Aim of the task ▸ Please print every record exactly as it stands, leaving out the pictures.

Material supplied below:

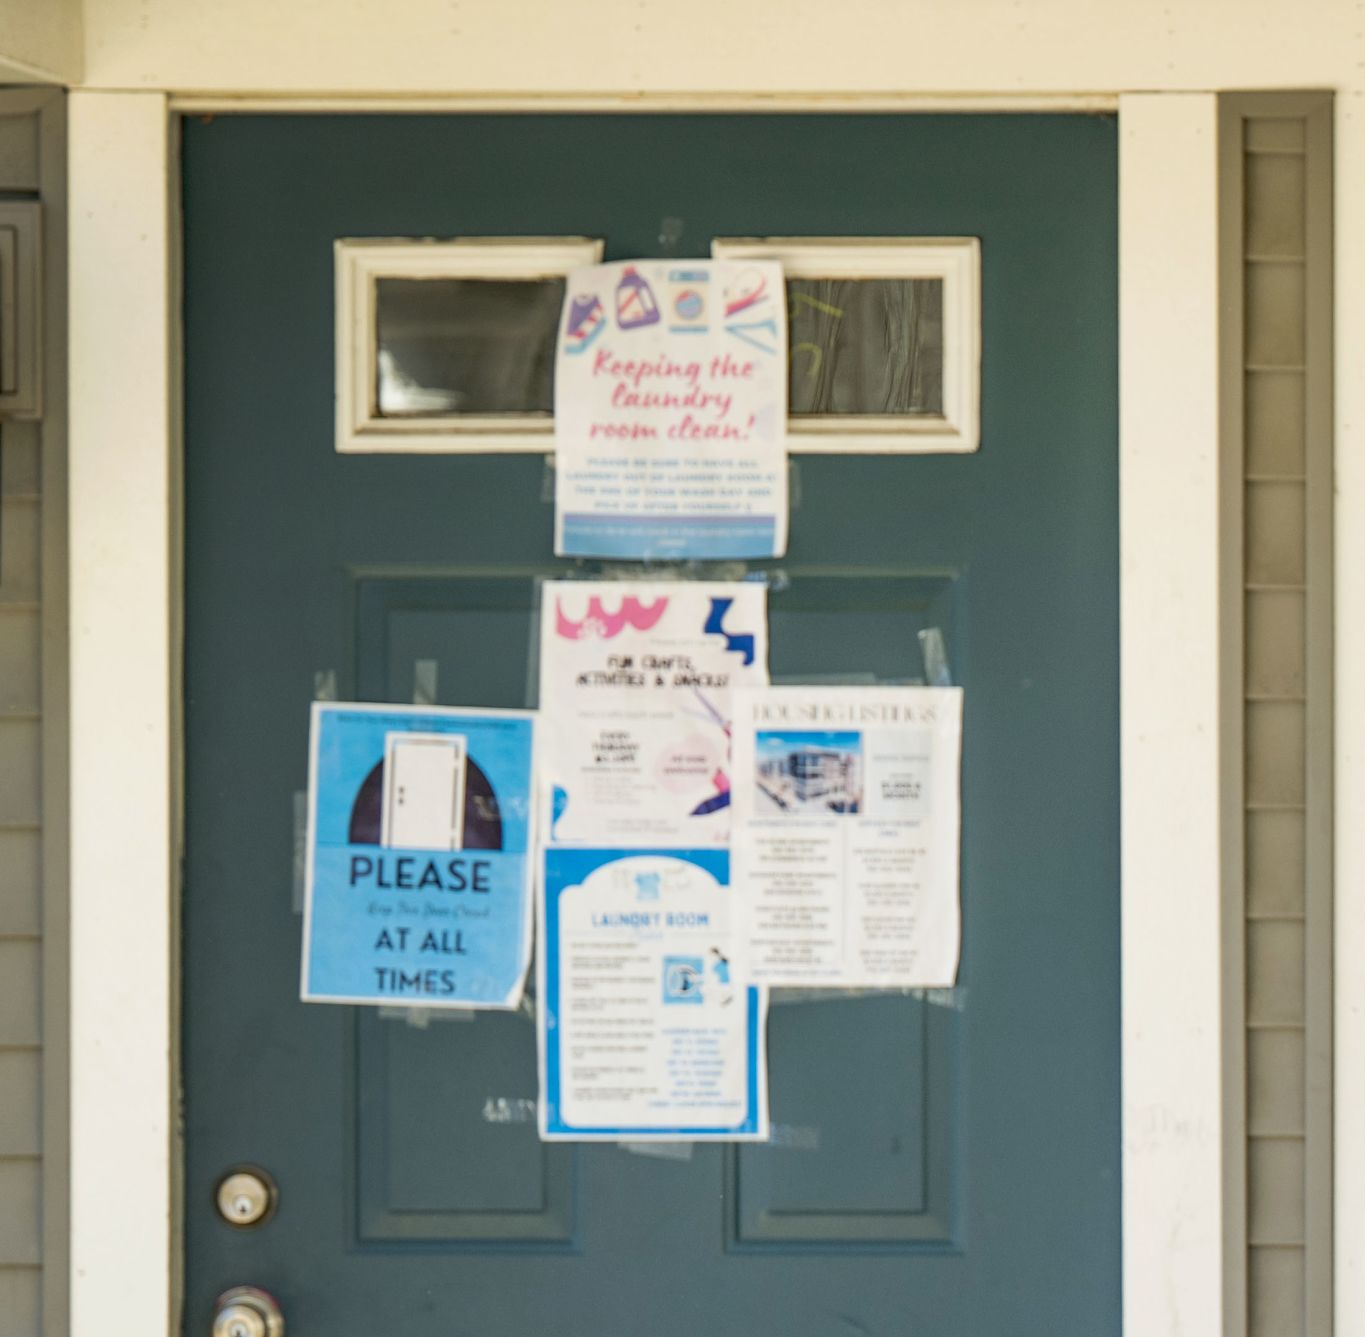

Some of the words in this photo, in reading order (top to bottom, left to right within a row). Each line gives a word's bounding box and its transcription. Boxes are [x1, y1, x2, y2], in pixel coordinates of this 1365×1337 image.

[592, 349, 701, 386] Keeping
[710, 354, 754, 378] the
[611, 383, 733, 419] laundry
[589, 423, 658, 440] room
[667, 414, 756, 440] clean!
[752, 704, 842, 721] HOUSING
[350, 856, 491, 893] PLEASE
[592, 912, 661, 928] LAUNDRY
[666, 912, 710, 927] ROOM
[374, 927, 410, 951] AT
[419, 928, 467, 954] ALL
[374, 967, 456, 995] TIMES

End of Material supplied.

Answer to this task ▸
Some of the words in this photo, in reading order (top to bottom, left to right within a row). Each line gives a word's bounding box and its transcription. Boxes are [x1, y1, x2, y2], in pixel coordinates of this 1365×1337 image.

[592, 349, 701, 386] Keeping
[710, 354, 754, 378] the
[611, 383, 733, 419] laundry
[589, 423, 658, 440] room
[667, 414, 756, 440] clean!
[752, 704, 842, 721] HOUSING
[350, 856, 491, 893] PLEASE
[592, 912, 661, 928] LAUNDRY
[666, 912, 710, 927] ROOM
[374, 927, 410, 951] AT
[419, 928, 467, 954] ALL
[374, 967, 456, 995] TIMES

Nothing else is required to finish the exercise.